“Good Friday Morning” DS 2017
As we stop to appreciate Jesus’ sacrifice on the cross for us, we can also take the time to look at darkness – the blue darkness in our own lives. I do not necessarily mean sin. I take stock. I struggle. I want to recognize where I have been a good and faithful servant in enduring difficult situations – or not.
Sometimes I think of that saying, no good deed goes unpunished, as a way to laugh when there is opposition to our leadership. I think of times when our children take the road that we do not recommend. Like walking through mud uphill our attempts at friendship fail. The mere expressing of our opinions causes offence. Our apology brings no bridge. The way we live brings oppositions – yes, those times when we are just minding our own business and others resent us, try to trip us, do not value our efforts. When we ourselves slip, hurt others or become our own worst enemies, we can look at those areas of darkness.

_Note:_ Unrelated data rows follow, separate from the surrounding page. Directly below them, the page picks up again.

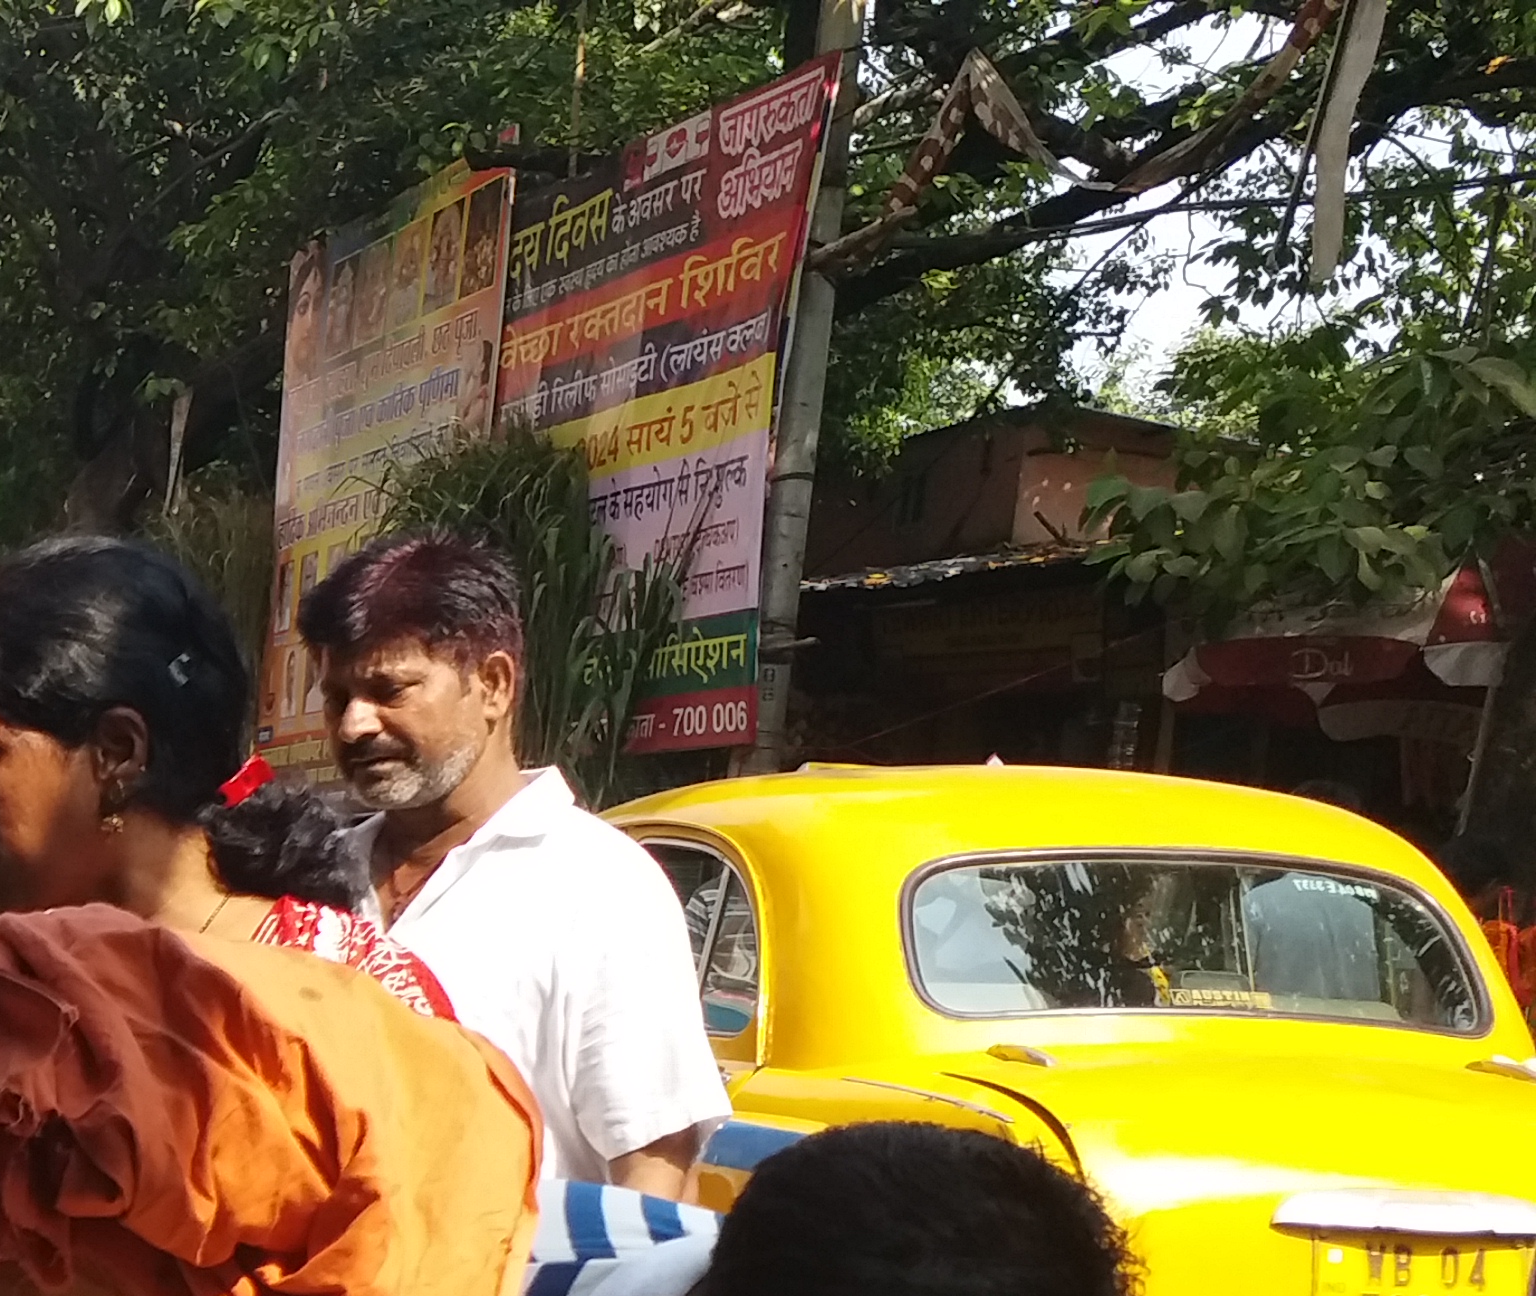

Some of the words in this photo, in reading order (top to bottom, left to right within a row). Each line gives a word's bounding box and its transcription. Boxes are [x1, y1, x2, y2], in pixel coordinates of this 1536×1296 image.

[546, 188, 613, 268] दिवस
[611, 193, 628, 234] के
[627, 179, 679, 228] अवसर
[681, 167, 707, 204] पर
[717, 138, 803, 220] अभियान
[569, 278, 674, 351] रक्तदान
[679, 231, 787, 309] शिविर
[626, 406, 676, 456] सायं
[680, 404, 695, 445] 5
[702, 380, 739, 433] बजे
[744, 370, 763, 420] से
[622, 465, 676, 521] सहयोग
[672, 704, 707, 737] 700
[712, 700, 748, 734] 006
[1366, 1243, 1412, 1288] WB
[1440, 1246, 1486, 1291] 04

But let us examine those areas as shadows, shadows of beings and doings that the light illumines. There must be light in our lives for the shadows to be seen. We go forward tomorrow in the day in between Friday and Sunday, not dwelling in the darkness but seeing the shadows, appreciating our own sacrifices and stumblings, for what they are.

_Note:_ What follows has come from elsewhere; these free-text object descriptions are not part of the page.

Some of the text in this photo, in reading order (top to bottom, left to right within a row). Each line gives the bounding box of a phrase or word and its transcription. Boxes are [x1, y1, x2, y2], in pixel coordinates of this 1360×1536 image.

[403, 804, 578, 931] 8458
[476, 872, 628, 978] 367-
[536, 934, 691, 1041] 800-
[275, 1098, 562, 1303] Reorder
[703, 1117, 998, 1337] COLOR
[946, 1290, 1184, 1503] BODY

So we follow Jesus not only on the Via Dolorosa some days, but meet him powerfully in the garden resurrections of our lives, as well as around the campfire where he has cooked the seafood, the writing in the sand that frees us, and the inviting of him to our houses both to speak and to wipe his perfumed feet.

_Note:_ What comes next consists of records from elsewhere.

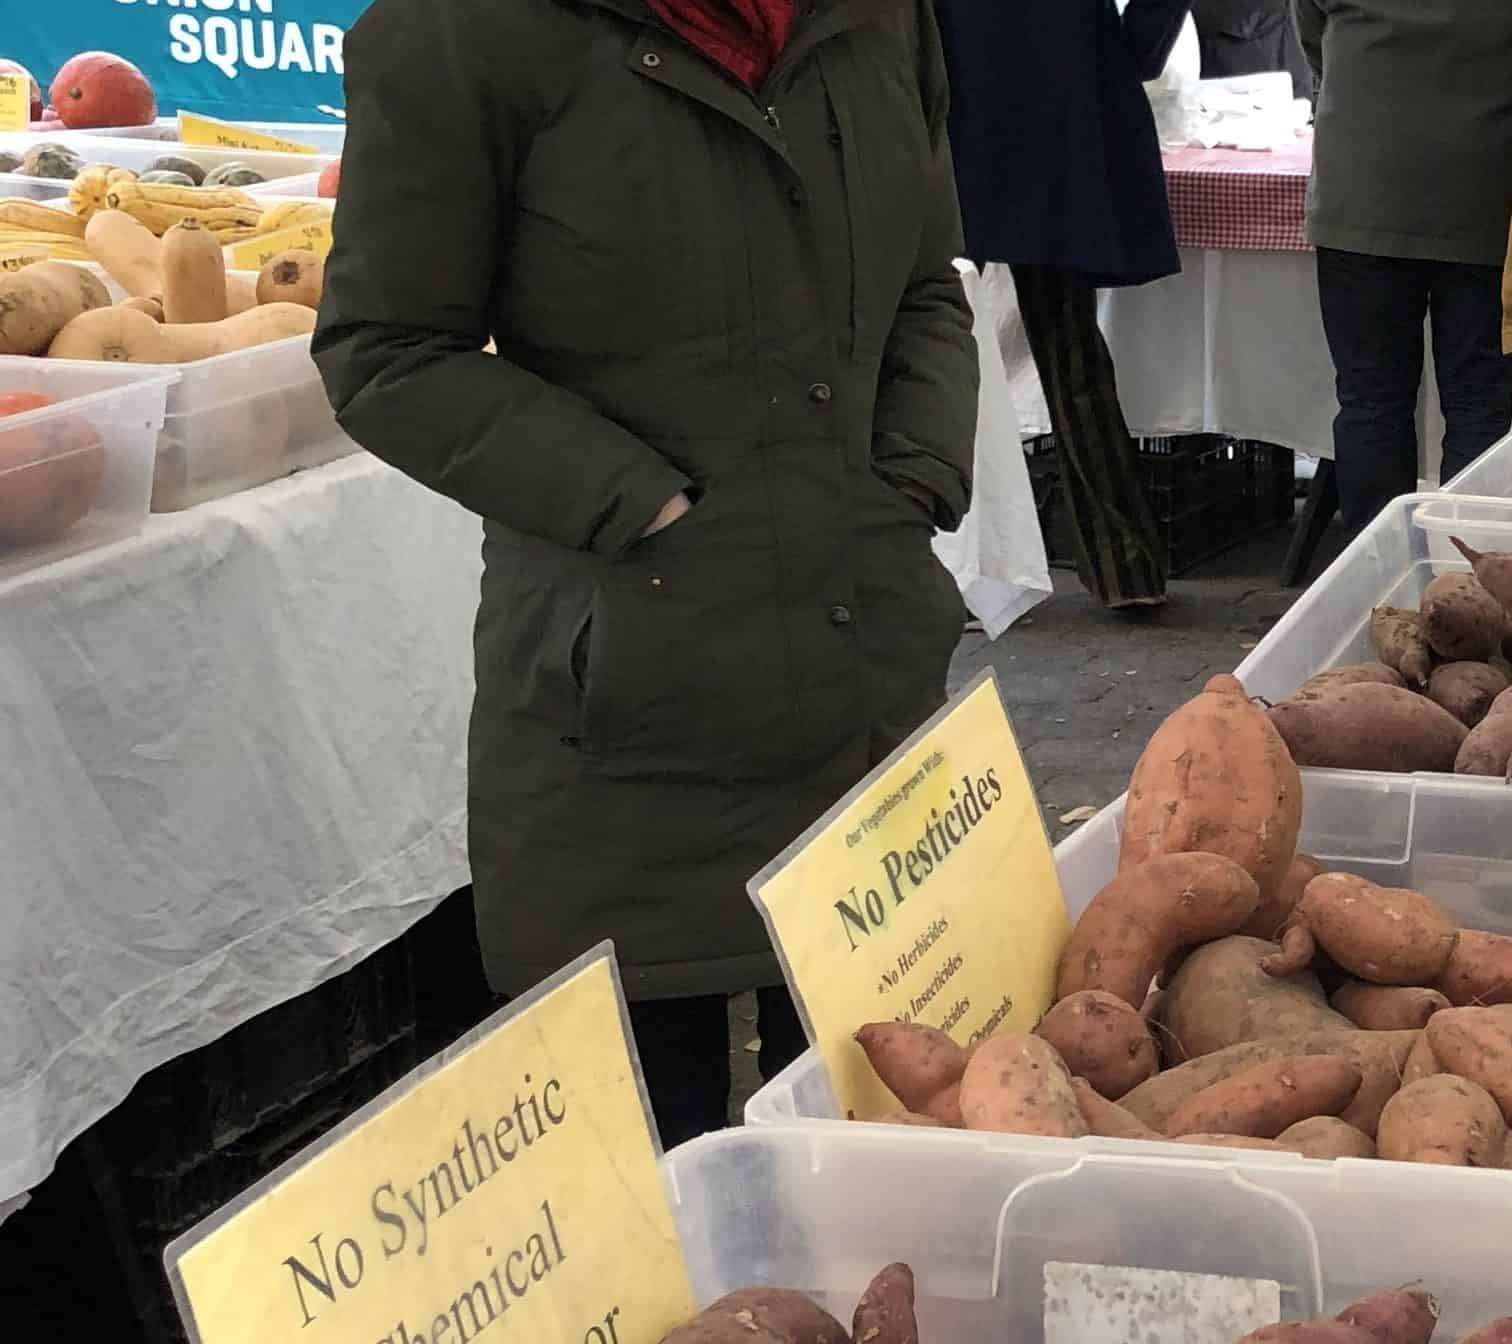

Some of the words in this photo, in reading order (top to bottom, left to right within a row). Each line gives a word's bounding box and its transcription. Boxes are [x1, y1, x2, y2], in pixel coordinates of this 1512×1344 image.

[170, 13, 345, 79] SQUAR
[833, 885, 884, 953] No
[880, 765, 1004, 907] Pesticides
[896, 916, 950, 982] Herbicides
[908, 952, 964, 1022] Insecticides
[281, 1230, 365, 1328] No
[371, 1072, 568, 1258] Synthetic

In his name we offer a cup of water. If that is all we are asked to do, it is enough. For now we rest. Everything is an incarnation, a cross gift, a knowing that he ever intercedes for us at the right hand of the father. He asks to live in us by the Spirit to be salt and yes, light, shadowed light, to the world around us. I want to soak my shadows with Presence, his essence colouring mine. This is my Easter prayer.